AFCON 2025 Group C stakes: not flashy, but vital
Openers rarely decide a tournament, but they often decide the tone. Nigeria’s win in Fez felt like a tone-setter. It was not flawless. It did not turn heads across the whole continent. Yet it did what great tournament teams do: it handled trouble and found a match-winner at the key moment.
The phrase that kept coming up post-match was telling: “It’s not a statement win, but it is three points guaranteed.” That is the tournament formula. Bank the points, bank the confidence, and keep the legs fresh. In short group schedules, perfection is less important than progress.
Fez Stadium energy, colors, and control
The Complexe Sportif de Fès provided a vivid stage. Nigeria’s green-and-black kit cut through the evening light; Tanzania’s blue-and-yellow popped across the stands. The intensity never dipped. Both teams pushed, both teams looked for space to run, and the crowd rode every tackle and half-chance.
Referee Dan Vader of Mauritania kept the game moving. He was visible when he needed to be and calm when the tempo rose, a useful presence in a match that could have spilled over after the equalizer swung the momentum.
What the result tells us about Nigeria vs Tanzania
This game offered a rough sketch of both teams. For Nigeria, the message is simple: there is a reliable spine and match-winning quality in the final third. A defender scored the opener, and a forward settled the contest.

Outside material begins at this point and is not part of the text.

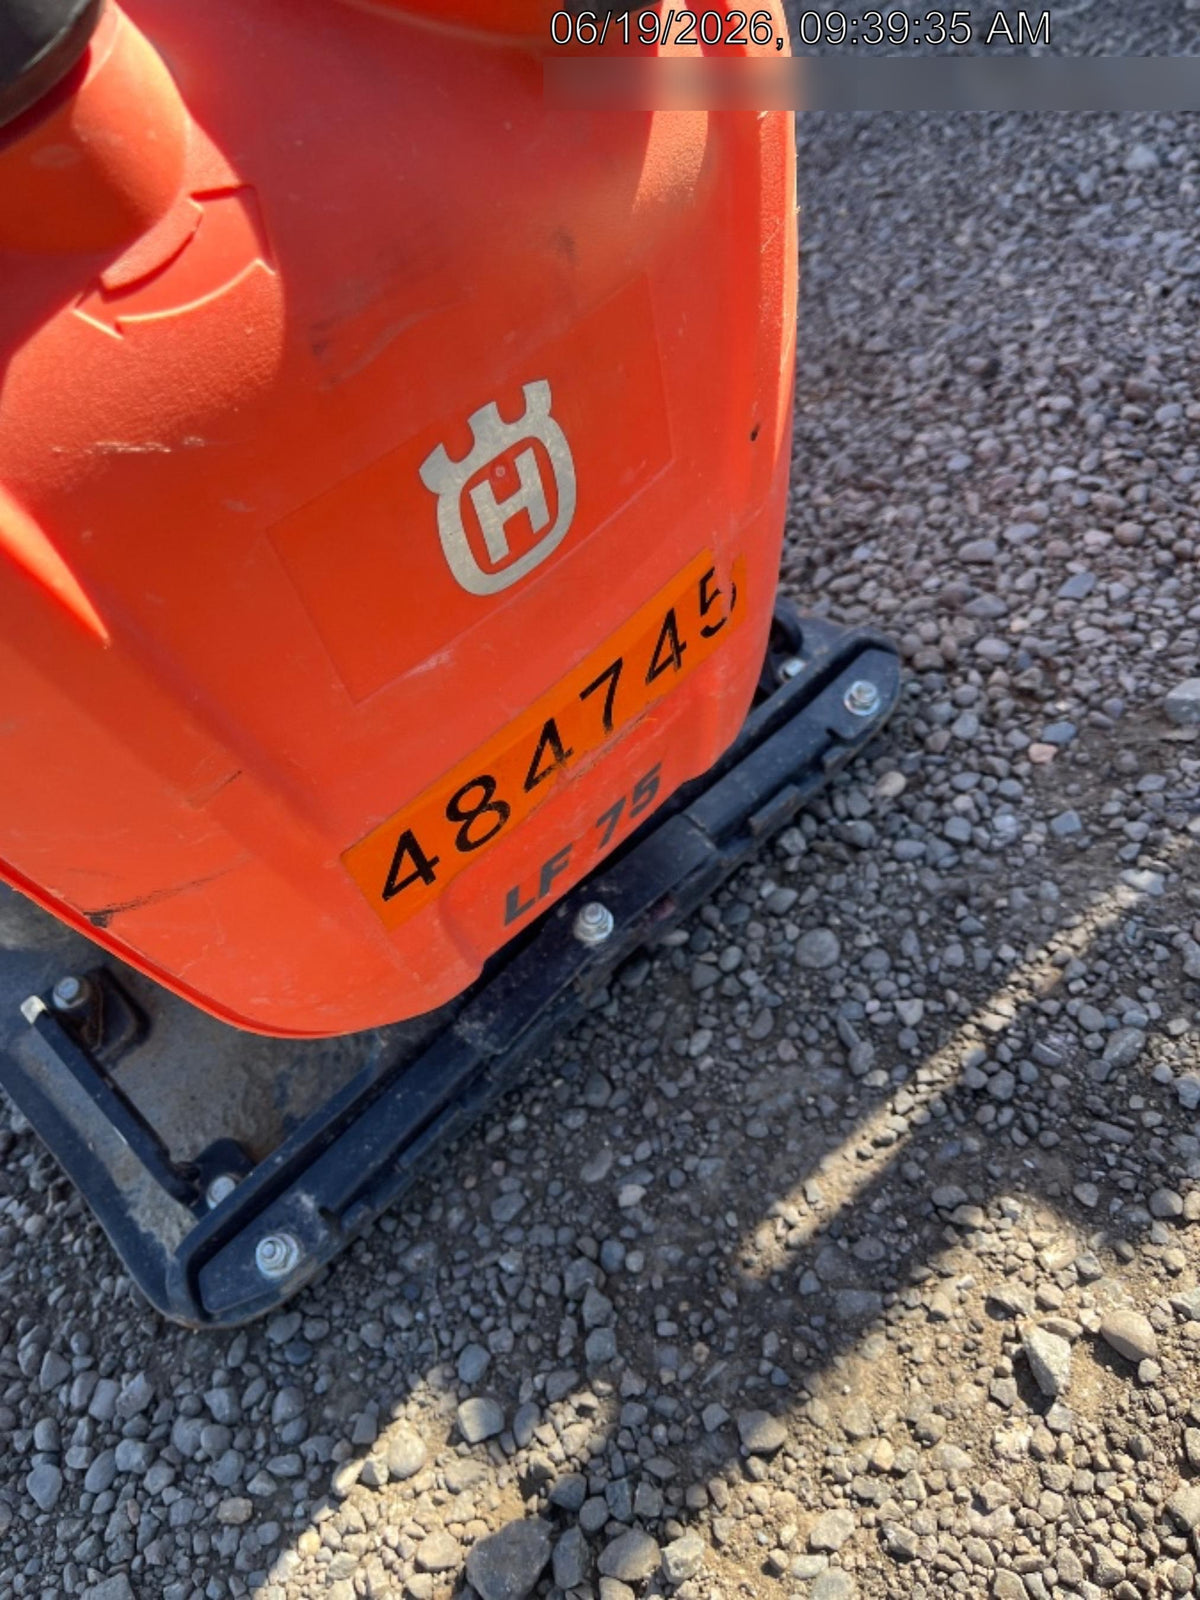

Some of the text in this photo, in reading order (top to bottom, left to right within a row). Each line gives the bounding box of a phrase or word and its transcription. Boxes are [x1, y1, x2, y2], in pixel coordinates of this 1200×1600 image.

That blend wins tournaments.
For Tanzania, there is reason to believe. The fightback after halftime was real, the equalizer was earned, and the team showed it can live with the pace and power of Group C. If they carry that belief into their next games, points will follow.
- Nigeria’s set-piece threat matters. Ajayi’s header is a reminder that dead balls are high-value chances.
- Tanzania’s mid-game surge was no accident. It came from pressure and bravery, not luck.
- Lookman’s timing is gold. Scoring minutes after conceding flips a team’s mood and the match’s arc.
What’s next in Group C
From here, Nigeria can grow. The basics are in place: a solid start, goals from different areas, and a response under stress. The challenge is to turn this platform into momentum and performance. Control the middle more, take care of the ball, and keep the tempo when leading.
Tanzania will circle the good moments and bank the lesson. The equalizer proved they can punch back. The task now is to turn pressure spells into more clear chances, and to protect the space that opened up for Lookman after they scored.
Final word: three points, big picture
Openers are about results, not ribbons. Nigeria did the job in Fez. Ajayi’s early header, M’Mombwa’s spark, and Lookman’s winner created a tight, watchable game that said as much about nerve as it did about skill. It may not be the headline that shakes AFCON 2025, but it is the kind that moves a team forward. In tournament football, that is everything.
As the group unfolds, both teams will draw from this night. For Nigeria, it’s confidence with caution. For Tanzania, it’s belief with a clear to-do list. And for the rest of Group C, it’s an early reminder: every minute matters, and one brilliant strike can rewrite the story.